Casas Contenedor: ¿La solución definitiva para construir con presupuesto cerrado?
MERCADOi
En un escenario donde la previsibilidad es el activo más buscado, las casas construidas a partir de contenedores marítimos han dejado de ser una curiosidad para convertirse en una alternativa sólida de inversión. Este sistema modular atrae a quienes priorizan tiempos de obra acotados, control total del gasto y una mínima intervención en el terreno.
A diferencia de la obra húmeda, estas viviendas utilizan una estructura industrial diseñada para condiciones extremas, sobre la cual se desarrollan unidades habitables con prestaciones idénticas a las de una casa tradicional.
Costos y modelos: ¿Cuánto cuesta entrar al sistema?
El valor de estas propiedades fluctúa según la superficie y el nivel de equipamiento. El mercado actual se divide principalmente en dos líneas:
• Módulos base: Unidades pequeñas (desde 15 m²) que parten desde los u$s 13.000.
• Viviendas Premium: Unidades con terminaciones de alta gama y diseño personalizado, que oscilan entre los us 650 y us 850 por m².
Una de las mayores ventajas es su carácter evolutivo: se pueden ensamblar y ampliar módulos con el tiempo, lo que permite a un propietario comenzar con una unidad básica y proyectar una vivienda de más de 150 m² sumando contenedores de 20 o 40 pies.
¿Qué ver antes de elegir esta solución?
Antes de avanzar en la compra, existen tres pilares técnicos y legales que definen el éxito del proyecto:
1. Normativa y Habilitación: Es fundamental consultar el código de edificación de cada municipio. Si bien muchos distritos han actualizado sus leyes para permitir construcciones modulares, el trámite de aprobación municipal sigue siendo un paso indispensable.
2. Aislación Térmica: Es el punto más sensible.
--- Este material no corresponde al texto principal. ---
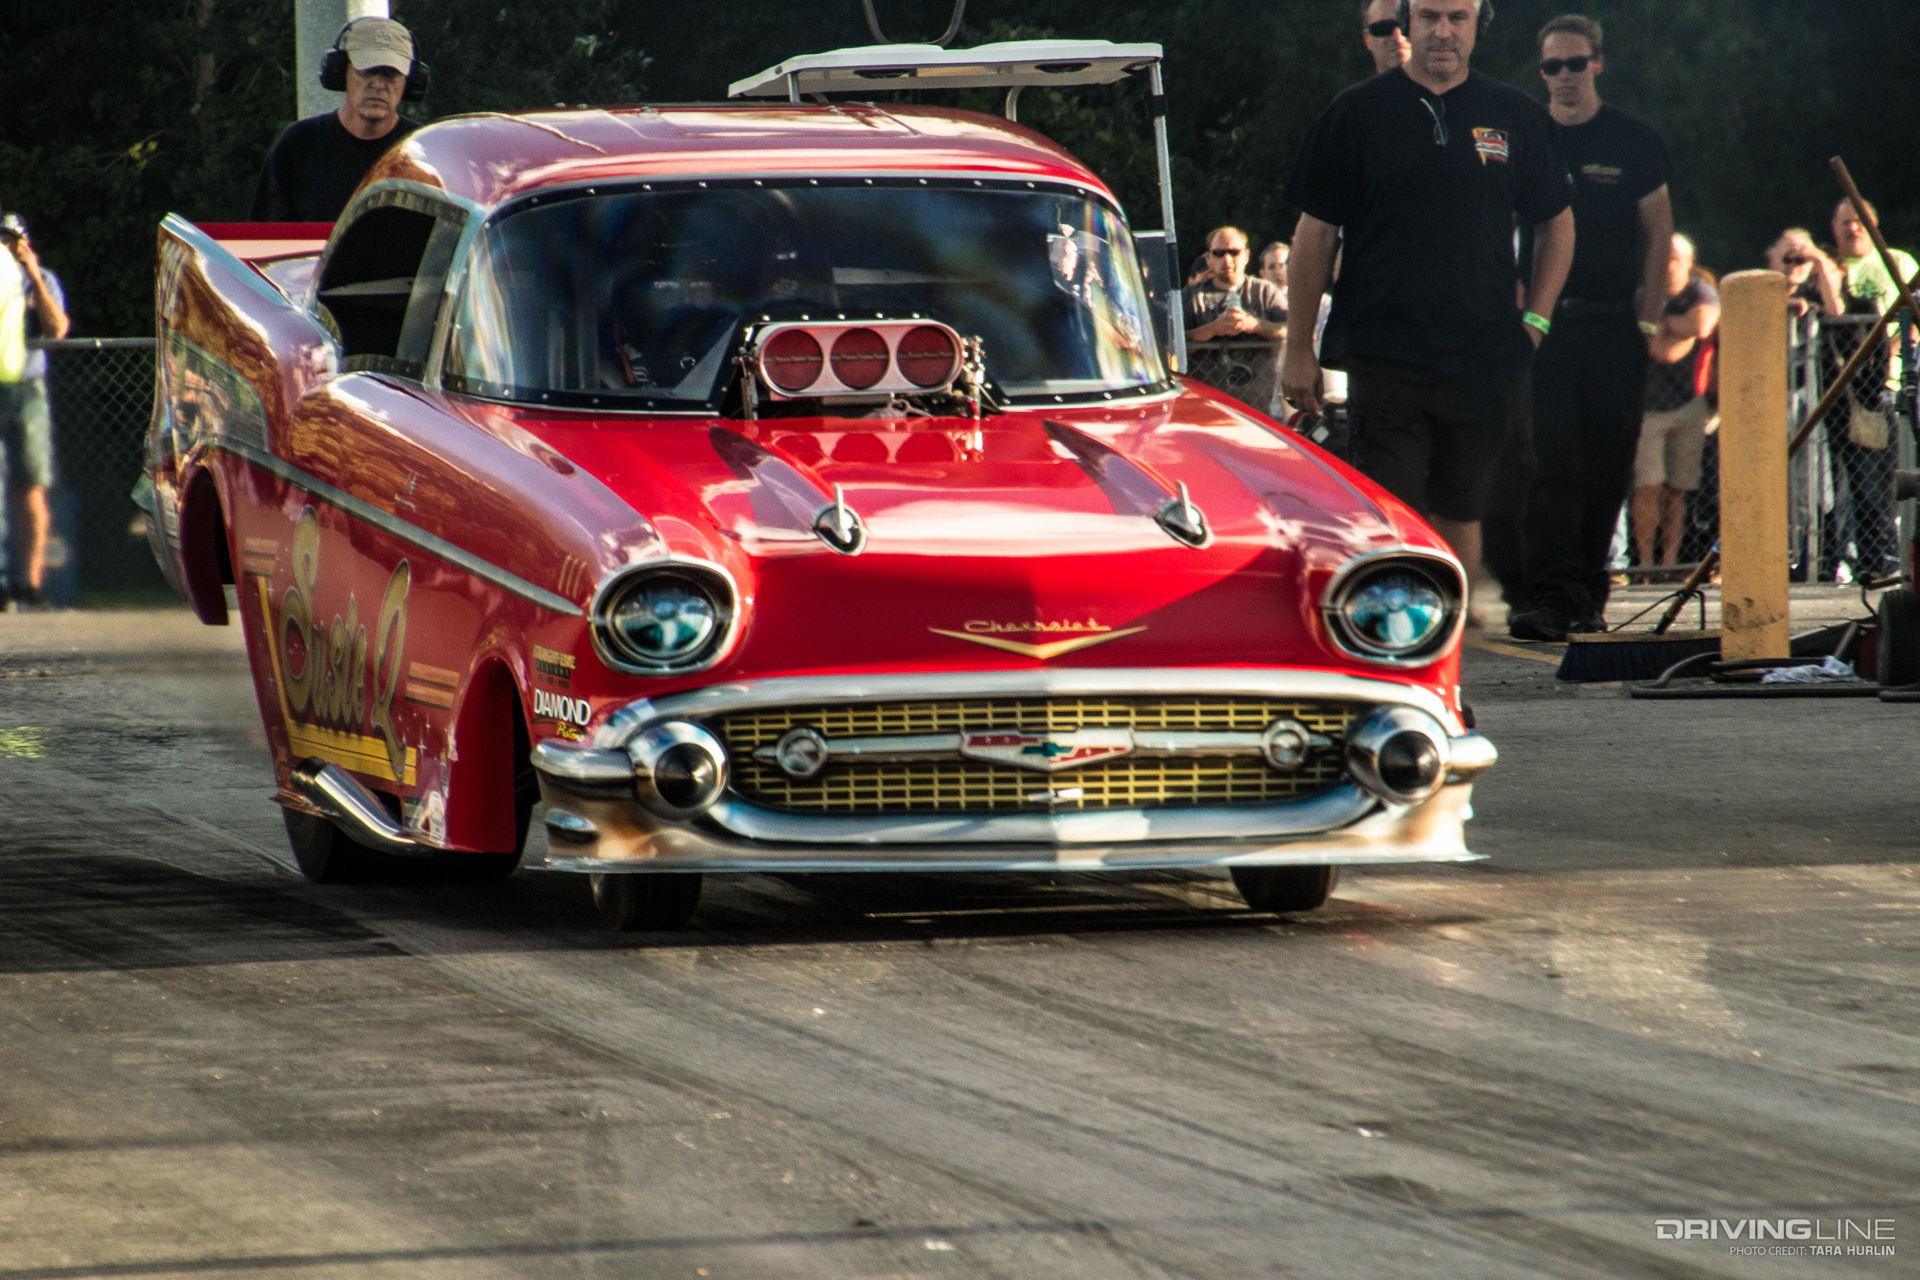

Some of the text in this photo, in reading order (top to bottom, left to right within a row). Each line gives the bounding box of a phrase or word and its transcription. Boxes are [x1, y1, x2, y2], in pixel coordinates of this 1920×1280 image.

Las unidades de calidad utilizan espuma de poliuretano proyectada en techos y lana de vidrio con aluminio en paredes. Una mala aislación compromete el confort térmico y aumenta el gasto en climatización.
3. Fundaciones: Al ser estructuras livianas, no requieren grandes excavaciones. La solución estándar es el sistema de pilotes, que eleva la casa del suelo. Esto no solo abarata costos de movimiento de tierra, sino que facilita el mantenimiento de las instalaciones de agua y desagües.
Ventajas frente a la construcción tradicional
El diferencial más potente es la velocidad. La fabricación en planta y el posterior montaje en el lote reducen los plazos de obra hasta un 70%. Además, al trabajar en un entorno controlado, se elimina el riesgo de desvíos por inflación de materiales o imprevistos climáticos, permitiendo firmar un contrato con costo cerrado.
Desventajas y limitaciones
El principal límite es estructural: las medidas de un contenedor estándar condicionan el diseño interior si no se combinan varios módulos. Asimismo, el mantenimiento exterior (pintura) debe realizarse cada ciertos años para proteger el acero, aunque el acceso a las instalaciones por debajo de la unidad simplifica cualquier reparación futura.
En resumen, la vivienda contenedor se posiciona como una opción ideal para quienes buscan rapidez, control financiero y la posibilidad de trasladar su inversión en el futuro.